● SUPPLIED MATERIAL
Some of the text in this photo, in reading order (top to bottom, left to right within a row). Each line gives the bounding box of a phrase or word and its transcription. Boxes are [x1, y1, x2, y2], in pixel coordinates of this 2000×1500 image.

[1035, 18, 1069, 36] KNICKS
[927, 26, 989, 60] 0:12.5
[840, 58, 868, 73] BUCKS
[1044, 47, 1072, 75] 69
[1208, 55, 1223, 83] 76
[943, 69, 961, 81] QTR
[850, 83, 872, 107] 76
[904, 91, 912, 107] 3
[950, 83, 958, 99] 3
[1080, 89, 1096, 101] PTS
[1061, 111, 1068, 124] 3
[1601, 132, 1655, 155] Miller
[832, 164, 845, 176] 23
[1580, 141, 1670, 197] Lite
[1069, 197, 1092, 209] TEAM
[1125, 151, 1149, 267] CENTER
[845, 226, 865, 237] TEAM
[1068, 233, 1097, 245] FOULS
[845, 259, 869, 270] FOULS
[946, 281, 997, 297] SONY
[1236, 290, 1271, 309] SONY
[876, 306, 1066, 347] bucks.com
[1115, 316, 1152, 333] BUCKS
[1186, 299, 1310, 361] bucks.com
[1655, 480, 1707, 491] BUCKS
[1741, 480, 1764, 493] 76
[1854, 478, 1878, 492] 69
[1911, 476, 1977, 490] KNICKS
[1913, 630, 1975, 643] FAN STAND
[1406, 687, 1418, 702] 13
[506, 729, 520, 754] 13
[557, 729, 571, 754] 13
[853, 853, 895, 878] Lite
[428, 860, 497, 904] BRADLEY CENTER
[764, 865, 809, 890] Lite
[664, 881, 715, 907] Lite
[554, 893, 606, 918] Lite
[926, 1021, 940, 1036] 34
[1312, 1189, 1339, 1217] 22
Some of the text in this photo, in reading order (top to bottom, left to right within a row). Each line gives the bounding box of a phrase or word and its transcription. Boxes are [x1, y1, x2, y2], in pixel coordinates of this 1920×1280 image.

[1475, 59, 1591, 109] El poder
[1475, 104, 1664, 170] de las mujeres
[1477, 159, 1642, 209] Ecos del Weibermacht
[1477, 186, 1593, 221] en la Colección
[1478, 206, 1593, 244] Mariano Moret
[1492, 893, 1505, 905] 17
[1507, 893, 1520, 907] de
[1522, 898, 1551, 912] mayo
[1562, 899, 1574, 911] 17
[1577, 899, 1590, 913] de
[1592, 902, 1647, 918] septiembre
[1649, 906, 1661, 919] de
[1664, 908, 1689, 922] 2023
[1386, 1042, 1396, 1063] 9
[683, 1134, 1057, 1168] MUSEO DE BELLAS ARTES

● WHAT IS NEEDED
Transcribe, in full, each record that appears above.

● OUTPUT
Some of the text in this photo, in reading order (top to bottom, left to right within a row). Each line gives the bounding box of a phrase or word and its transcription. Boxes are [x1, y1, x2, y2], in pixel coordinates of this 2000×1500 image.

[1035, 18, 1069, 36] KNICKS
[927, 26, 989, 60] 0:12.5
[840, 58, 868, 73] BUCKS
[1044, 47, 1072, 75] 69
[1208, 55, 1223, 83] 76
[943, 69, 961, 81] QTR
[850, 83, 872, 107] 76
[904, 91, 912, 107] 3
[950, 83, 958, 99] 3
[1080, 89, 1096, 101] PTS
[1061, 111, 1068, 124] 3
[1601, 132, 1655, 155] Miller
[832, 164, 845, 176] 23
[1580, 141, 1670, 197] Lite
[1069, 197, 1092, 209] TEAM
[1125, 151, 1149, 267] CENTER
[845, 226, 865, 237] TEAM
[1068, 233, 1097, 245] FOULS
[845, 259, 869, 270] FOULS
[946, 281, 997, 297] SONY
[1236, 290, 1271, 309] SONY
[876, 306, 1066, 347] bucks.com
[1115, 316, 1152, 333] BUCKS
[1186, 299, 1310, 361] bucks.com
[1655, 480, 1707, 491] BUCKS
[1741, 480, 1764, 493] 76
[1854, 478, 1878, 492] 69
[1911, 476, 1977, 490] KNICKS
[1913, 630, 1975, 643] FAN STAND
[1406, 687, 1418, 702] 13
[506, 729, 520, 754] 13
[557, 729, 571, 754] 13
[853, 853, 895, 878] Lite
[428, 860, 497, 904] BRADLEY CENTER
[764, 865, 809, 890] Lite
[664, 881, 715, 907] Lite
[554, 893, 606, 918] Lite
[926, 1021, 940, 1036] 34
[1312, 1189, 1339, 1217] 22
Some of the text in this photo, in reading order (top to bottom, left to right within a row). Each line gives the bounding box of a phrase or word and its transcription. Boxes are [x1, y1, x2, y2], in pixel coordinates of this 1920×1280 image.

[1475, 59, 1591, 109] El poder
[1475, 104, 1664, 170] de las mujeres
[1477, 159, 1642, 209] Ecos del Weibermacht
[1477, 186, 1593, 221] en la Colección
[1478, 206, 1593, 244] Mariano Moret
[1492, 893, 1505, 905] 17
[1507, 893, 1520, 907] de
[1522, 898, 1551, 912] mayo
[1562, 899, 1574, 911] 17
[1577, 899, 1590, 913] de
[1592, 902, 1647, 918] septiembre
[1649, 906, 1661, 919] de
[1664, 908, 1689, 922] 2023
[1386, 1042, 1396, 1063] 9
[683, 1134, 1057, 1168] MUSEO DE BELLAS ARTES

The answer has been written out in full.